Unit 5: Weathering, Water, and Soil

    Things for Unit 5 you should UNDERSTAND, KNOW, and be able to DO...
    • The atmosphere and the lithosphere interact with each other through the water cycle (hydrosphere). 
    • The sun’s energy powers the water cycle which contributes to the weathering of rocks.
    • Weathering is the physical and chemical breakdown of rocks at or near the Earth’s surface. 
      • Physical weathering changes the size and appearance of rocks without changing the chemical composition.
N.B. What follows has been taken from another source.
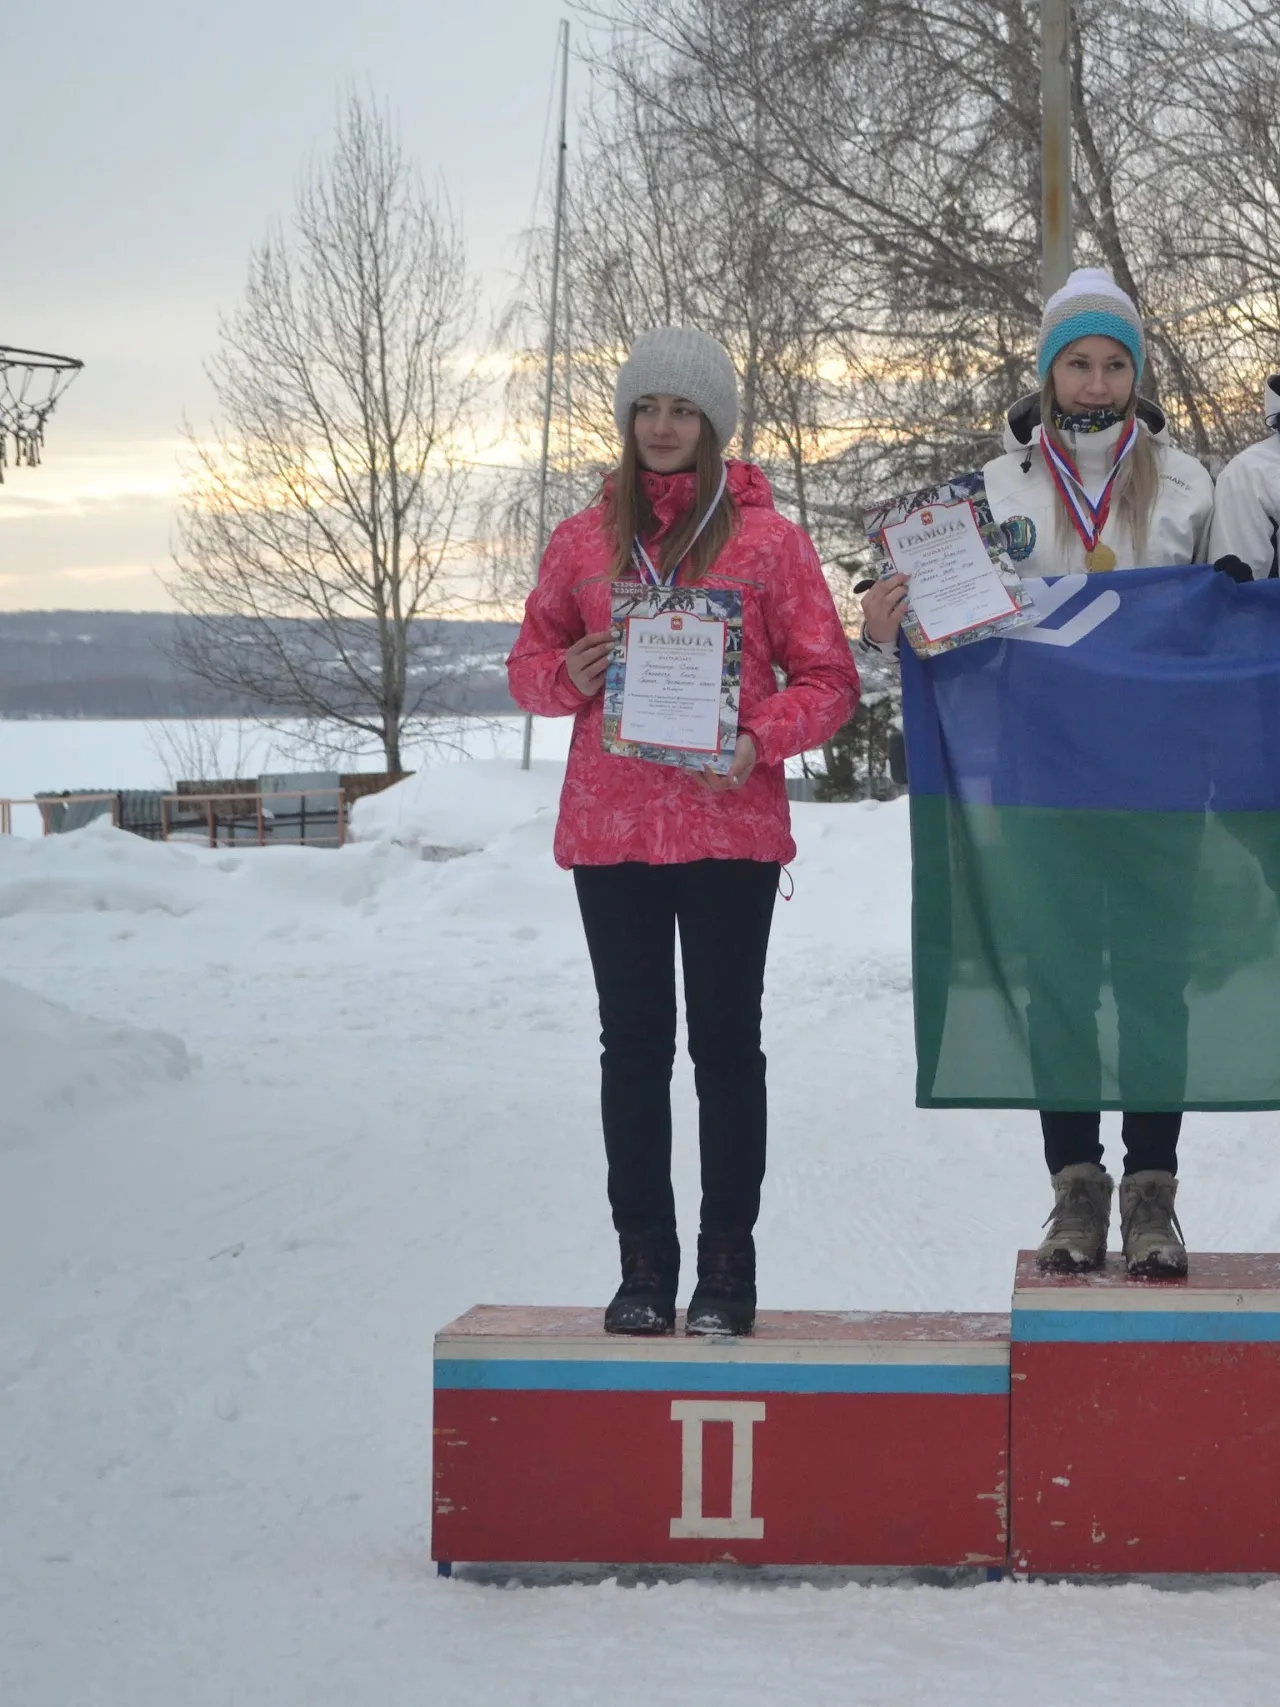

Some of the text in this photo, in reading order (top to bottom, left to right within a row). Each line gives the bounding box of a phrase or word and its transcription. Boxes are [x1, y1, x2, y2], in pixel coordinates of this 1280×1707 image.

Frost action, abrasion, and root wedging (plant action) are agents of physical weathering. Physical weathering commonly occurs in cold and wet climates.
      • Chemical weathering changes the chemical composition of rock. Acid rain and oxidation are agents of chemical weathering. Chemical weathering commonly occurs in warm and wet climate. 
    • The rate of weathering is influenced by surface area (particle size), climate, and composition.
      • The larger the surface area, the greater the rate of weathering.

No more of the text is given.